The Street Where I Lived

Burnham Market today.
Burnham Market today.

“Rag’n’Booane, Rag’n’Booane”.

This sound could be heard regularly in the street where I lived 55 years ago. We heard the cries long before we could see the rag and bone man with his horse and cart piled high with old clothes, shoes and domestic ware. He would give a few pennies, even a silver sixpence, in exchange for a bundle of clothes or footwear. I never saw anyone give him any bones.

He lived in Front Street, Burnham Market, where our rented house had once been a butcher’s shop. The room in front still had the wooden counter in place and a stone-flagged floor. We used it for our playroom in the summer, but in the winter it was far too cold. My brother and I used to sit cross-legged on the counter and watch the happenings in the street through the shop window.

Every day, except Sunday, the milkman came along with his handcart hung about with shiny brass measures, graduating in size from a gill to a quart. Housewives took out their enamel jugs and a few coppers. We never bought any as we were lucky enough to have four pints a milk a day free straight from the Jersey cows on the farm where my father was secretary We all drank it into our mid-teens, and in spite of today’s health warnings about a full fat milk, I put my good skin and strong nails down to it, also the teeth I still have in my sixties.

The old pump. Photos: Peter Kelly.
The old pump. Photos: Peter Kelly.

Men with wooden yokes and pails passed on their way to and from the village pump on the green. The pump is still there, preserved as a reminder of days past. We had our own pump in the back yard, but no drain. Through a series of ramshackle sheds and outhouses was the privy, near which was the only patch of earth, which acted as a soakaway for any waste water. The night cart man came once a week to empty the privy. He just poured it all into a huge oval shaped bucket which he then carried out and emptied into his cart. He often used to stop and have a chat with my mother, still with the full bucket in one hand. I don’t know where the waste matter was deposited.
Next door but one to us towards the green was Zenas Roys, the china shop. Zenas was renowned, not only for his name, but for the fact that he was one of 19 children, 17 of whom survived to adulthood.

As children, we were sometimes invited to Sunday lunch after the morning service at the Gospel Hall. While the rest of us sat around the large scrubbed table to eat our meal, Zenas had his own small table. He had a short, sharp knife and a large white plate. Upon finishing his main course, he cleaned his plate with a piece of bread and had his pudding on the same plate. He used only the knife and bread to eat his dinner, allowing himself the use of a spoon for dessert. He also had a huge, white saucer-less cup full of tea.
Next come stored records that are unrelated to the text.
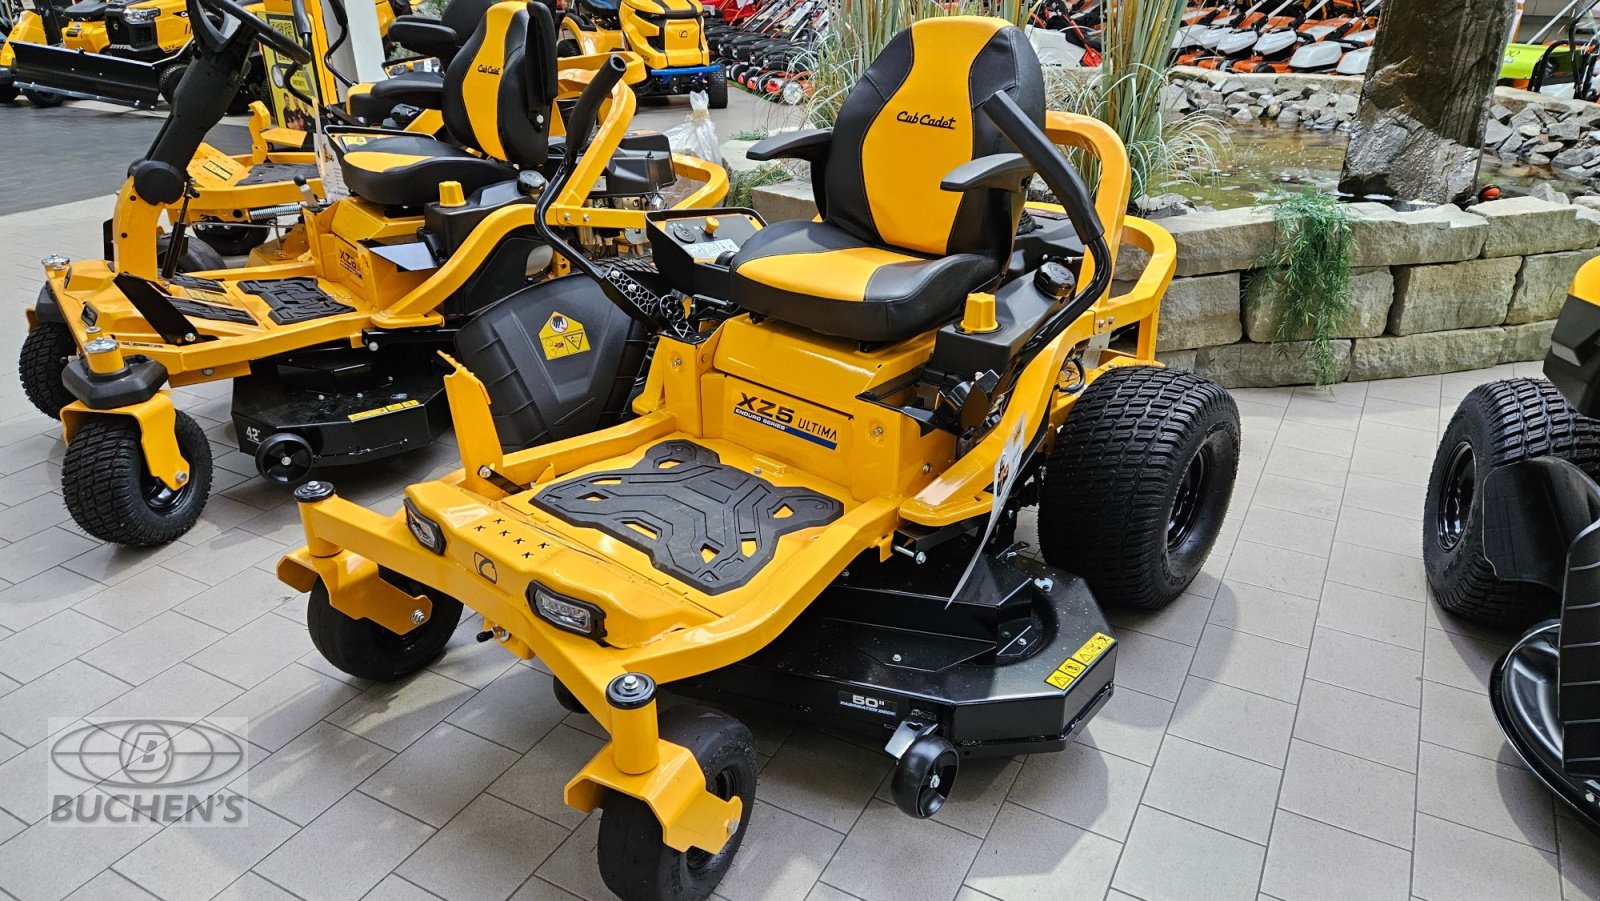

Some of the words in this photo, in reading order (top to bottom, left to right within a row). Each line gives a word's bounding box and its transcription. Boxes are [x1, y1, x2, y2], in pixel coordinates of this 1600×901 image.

[896, 110, 919, 124] Cub
[920, 114, 956, 130] Cadet
[735, 408, 762, 423] ENDURO
[762, 417, 786, 431] SERIES
[736, 392, 795, 424] XZ5
[797, 418, 837, 441] ULTIMA
[852, 694, 885, 708] 50"
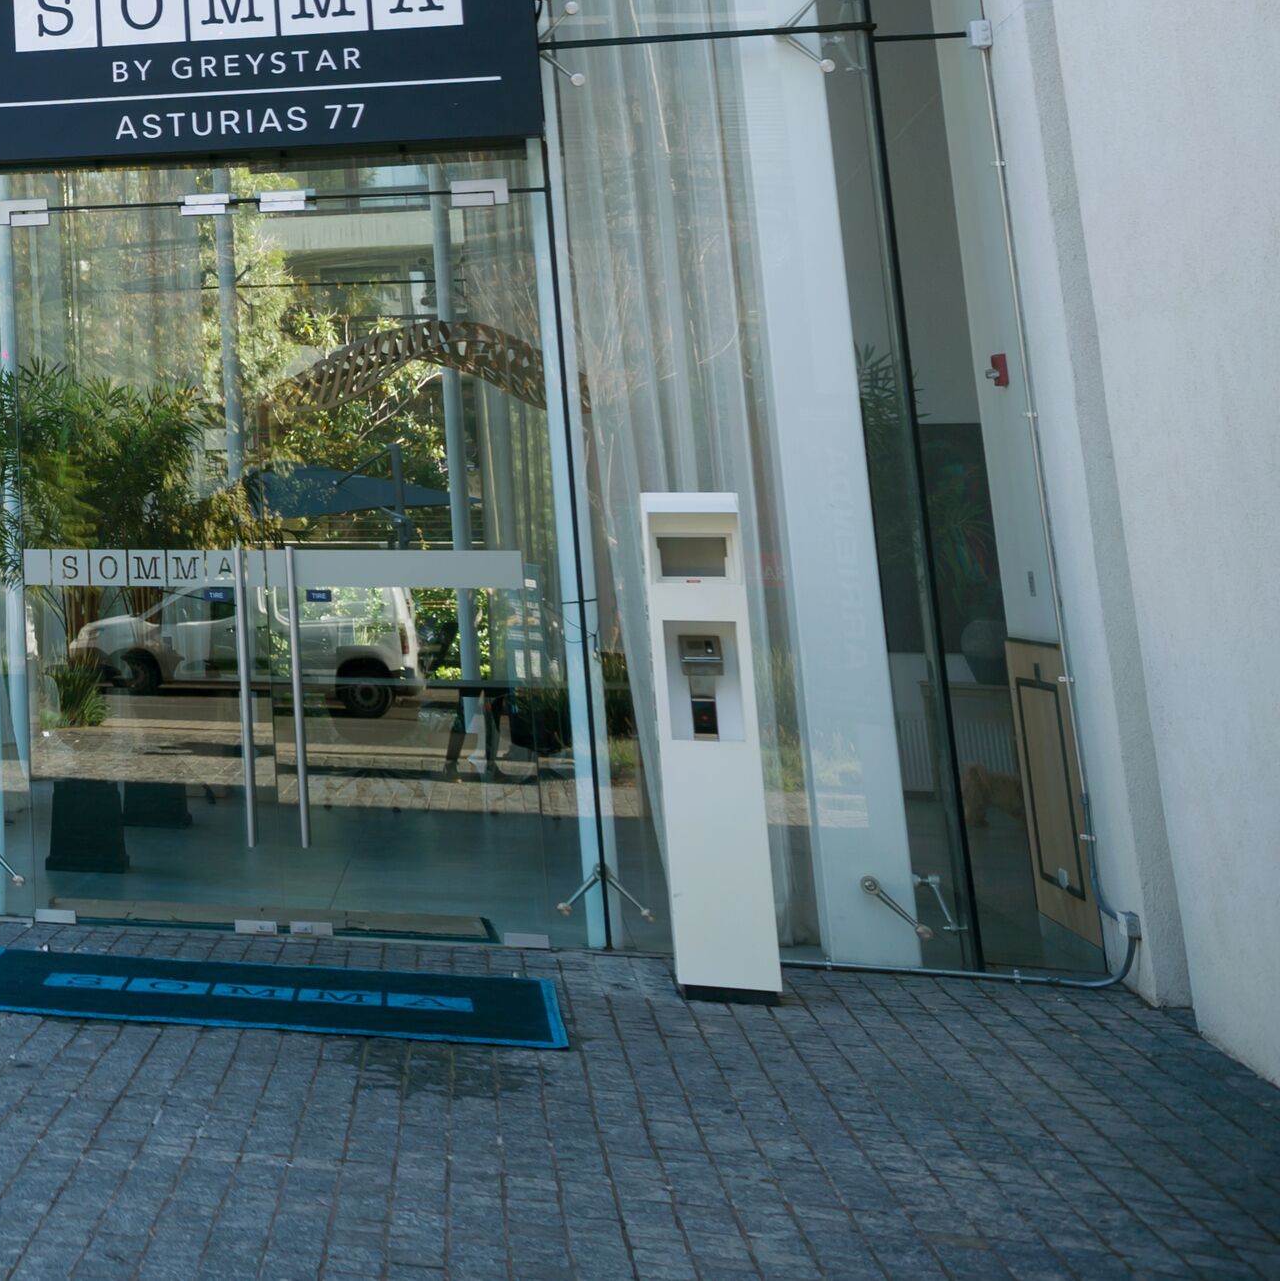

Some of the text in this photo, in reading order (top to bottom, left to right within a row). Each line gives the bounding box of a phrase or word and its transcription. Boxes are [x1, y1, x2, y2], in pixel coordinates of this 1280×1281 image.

[111, 47, 363, 83] BY GREYSTAR
[114, 102, 365, 141] ASTURIAS 77
[62, 555, 236, 582] SOMMA
[209, 591, 224, 599] TIRE
[312, 592, 327, 600] TIRE
[66, 976, 455, 1009] SOMMA
An unmarried sister lived with them until she died, well into her eighties. When I married, she presented me with a rectangular dish with six smaller plates patterned in blue and yellow. Included in the box was a silver server. It was a mince pie set, and I have never seen another since. It had obviously been in the china shop since its opening.

Opposite, in a house with a box window, was Warne’s, the jewellers. I used to love standing on tiptoe to view the rings and brooches pinned on to black velvet. The only time I ever visited its dark interior and tiny counter was when my aunt broke her ‘pearls’ while on a visit. I was sent to buy a new length of waxed thread so they could be re-threaded.

Further down the street, opposite each other, were two more shops. The one on our side was Warne & Massey, the village stationer. Even during the war it was full of things loved by children – dolls and toys, picture books and pencils. After the war, they also stocked a limited supply of fireworks at the beginning of November, and crepe paper, tinsel and crackers in December.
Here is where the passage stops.